«Via quei detriti. O sarà il disastro»
Il Margorabbia in piena lo scorso mese di novembre, quando uscì dagli argini. Due frazioni furono evacuate (Foto by Varese Press)

«Via quei detriti. O sarà il disastro»

Quarta puntata del nostro viaggio nei comuni colpiti dall’alluvione dello scorso mese di novembre. Montegrino e Germignaga: «Servono più fondi per pulire i fiumi, non si può intervenire una tantum»
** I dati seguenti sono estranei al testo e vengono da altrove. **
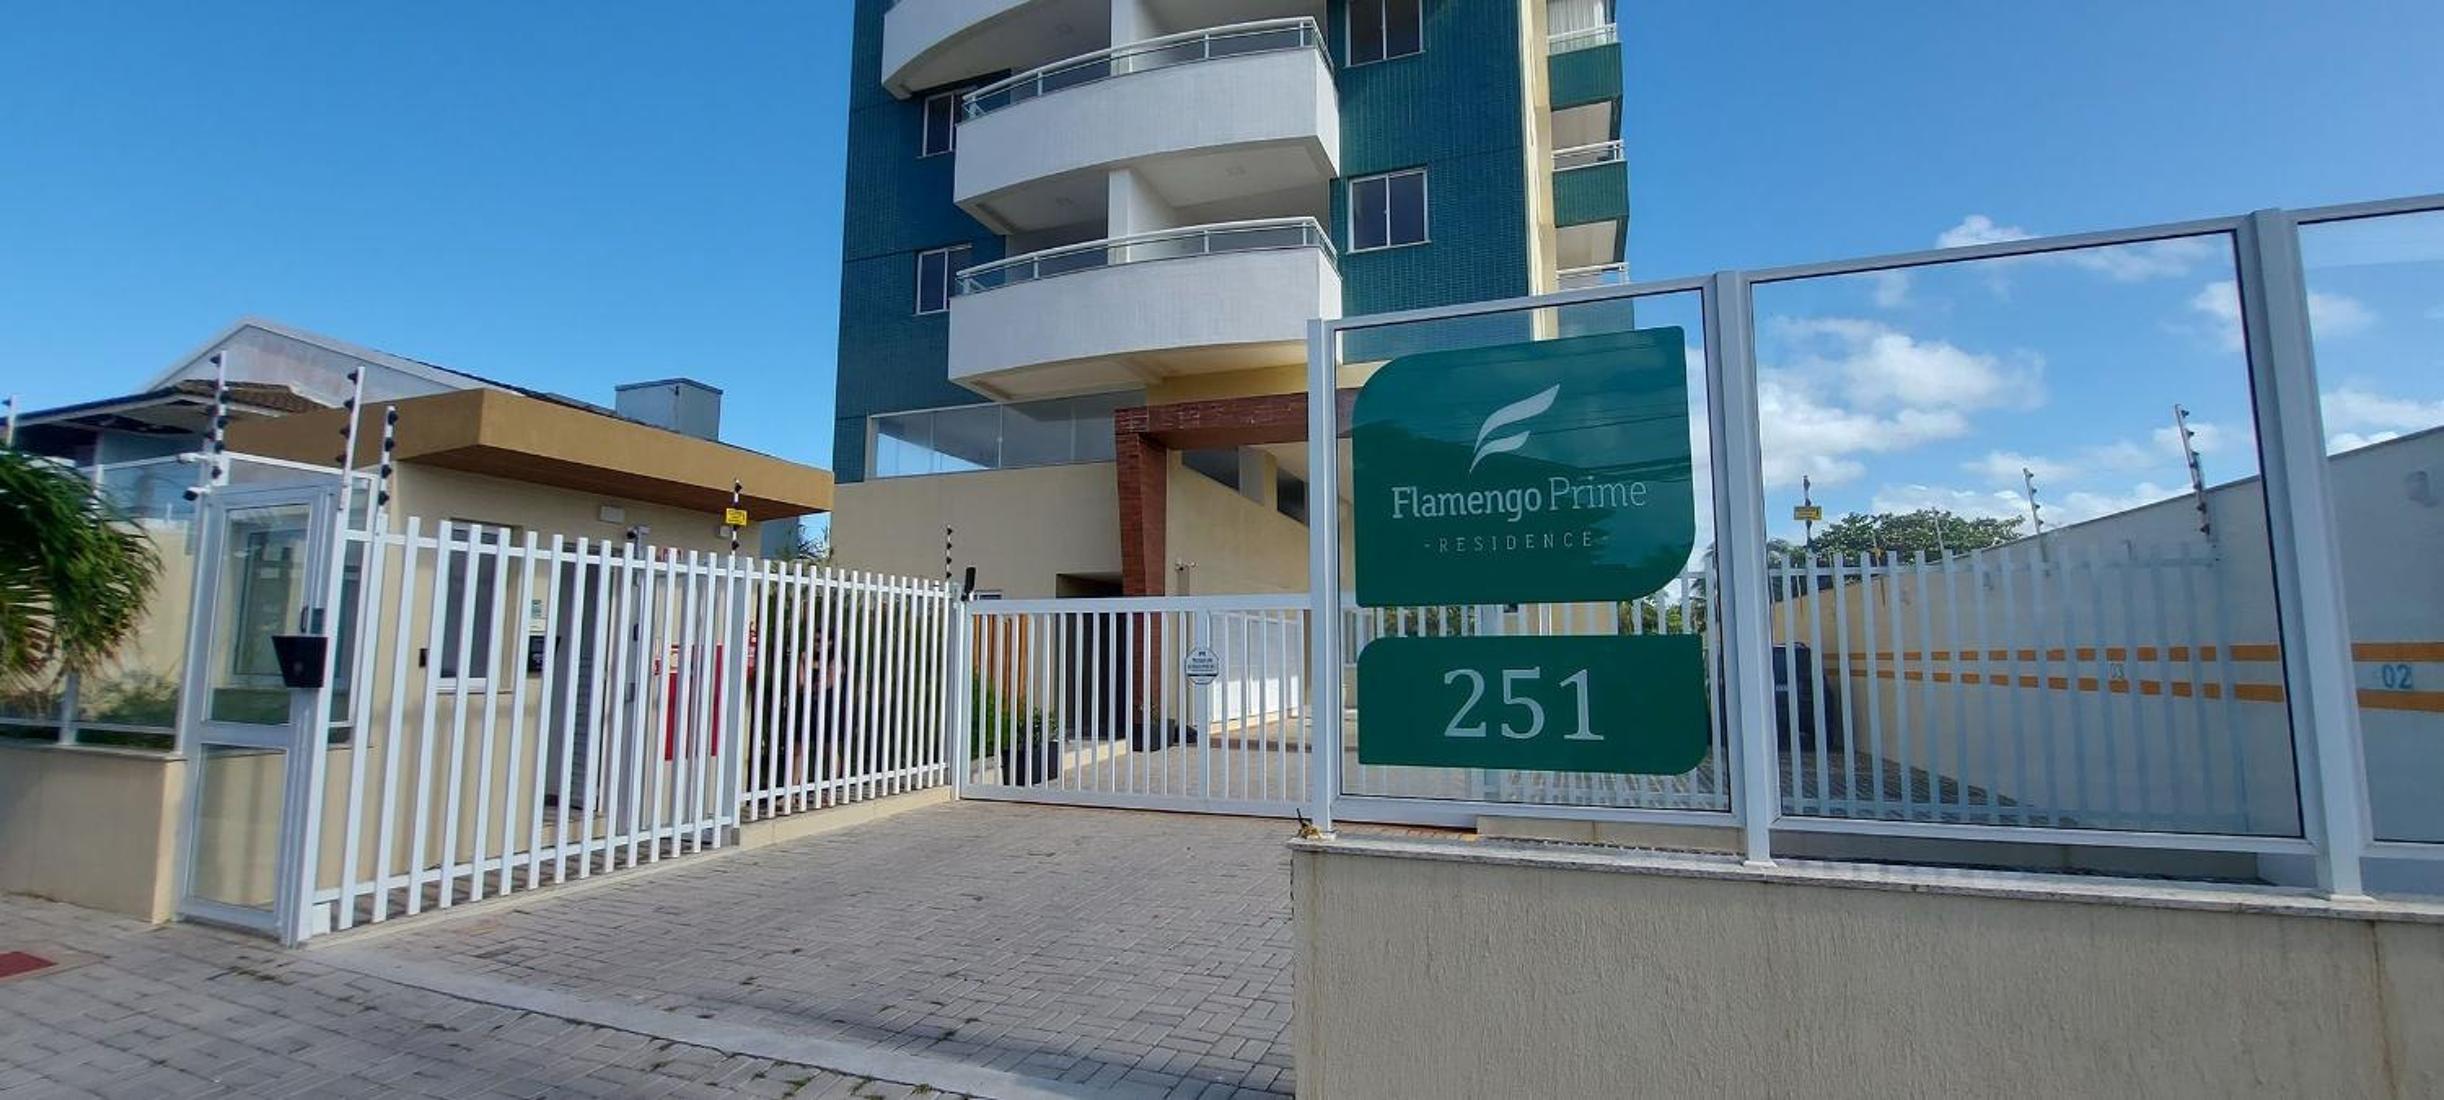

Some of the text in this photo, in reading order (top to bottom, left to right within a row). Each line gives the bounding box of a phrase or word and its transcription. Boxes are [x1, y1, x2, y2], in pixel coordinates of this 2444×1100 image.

MONTEGRINO VALTRAVAGLIA - La necessità d’interventi di pulizia dei fiumi è un problema sentito nell’alto Verbano soprattutto dopo l’alluvione che mise in ginocchio interi paesi a novembre 2014. Il Margorabbia esondò nel suo alto corso gonfiato, oltre che da un’eccezionale onda di piena, anche dai detriti che intasarono ponti e passaggi stretti.
Le località Cucco e Riviera, frazioni di Montegrino Valtravaglia, furono costrette all’evacuazione. L’ondata arrivò in strada e risalì gli scantinati. «Abbiamo scritto allo Ster, l’ente regionale che ha in manutenzione anche il letto del Margorabbia - dice Giovanni Moroni, vicesindaco di Montegrino- ci siamo fatti promotori con Mesenzana e Brissago di una richiesta per pulire il letto fluviale. Voglio rinnovare questo appello per un’ azione efficace e fondamentale alla sicurezza del fiume e delle sue sponde».

Manutenzione delle sponde

Sul tavolo ci sono altre questioni come la creazione, da tempo paventata, di una centralina idroelettrica sul Margorabbia. Una struttura che determinerebbe il cambiamento del corso fluviale per circa 180 metri e la successiva mutazione delle sponde. In caso di piena potrebbe rivelarsi problematico questo stravolgimento. Inoltre, la gestione delle varie chiuse da Ferrera a Ghirla è determinante nel corso di un alluvione. Come illustrato l’anno scorso ai primi cittadini le prese sono gestite da privati che però dovranno agire in un’ottica di controllo da parte dell’ente regionale.

Qualcosa è stato fatto

Marco Fazio, sindaco di Germignaga era stato eletto da pochi mesi. Dovette affrontare l’emergenza dimostrando grande impegno. Oggi ricorda quell sforzo con la Protezione Civile in prima linea. «I danni dell’alluvione sono stati sistemati –dice- Regione Lombardia ha dato un contributo di soli 30mila euro. Con nostre risorse però e in parte con quello che era stato dato in seguito al maltempo del 2013 abbiamo messo in pratica un intervento nel quartiere dei Premaggi che dovrebbe aiutare ad evitare l’allagamento della via Donizetti–spiega- C’era un problema di risalita di acque dal fiume ed è stata inserita una paratia con rilancio dell’acqua nella vasca di laminazione del canale Maina-Mondiscia». «In questi giorni –prosegue Fazio- sarà effettuata una prima pulizia dei tombini che puntualmente in caso di piogge abbondanti danno problemi, siamo partiti con 150 interventi e a bilancio ce ne sono altrettanti ». «L’esigenza principale è quella di avere un supporto per la pulizia degli alvei perché basta guardare il fiume e ci si accorge della formazione di vere e proprie isole di vegetazione. Negli anni scorsi eravamo intervenuti con la Protezione Civile e il supporto degli Alpini. Questi interventi devono diventare strutturali, non si può pensare di attivarsi solo per un’azione una tantum. Puntualmente ci deve essere una pulizia che, con le risorse attuali dei Comuni sia in termini di mezzi che economici, non può essere fatta; serve davvero una cabina di regia che aiuti in questo senso». Altro tema caldo è quello delle foci: se ostruite da detriti e ghiaia sono causa di esondazioni. Fazio termina- Complice anche la lungaggine burocratica di gestione del materiale scavato - termina Fazio - la congiunzione tra fiume e lago avrebbe bisogno di maggior pulizia».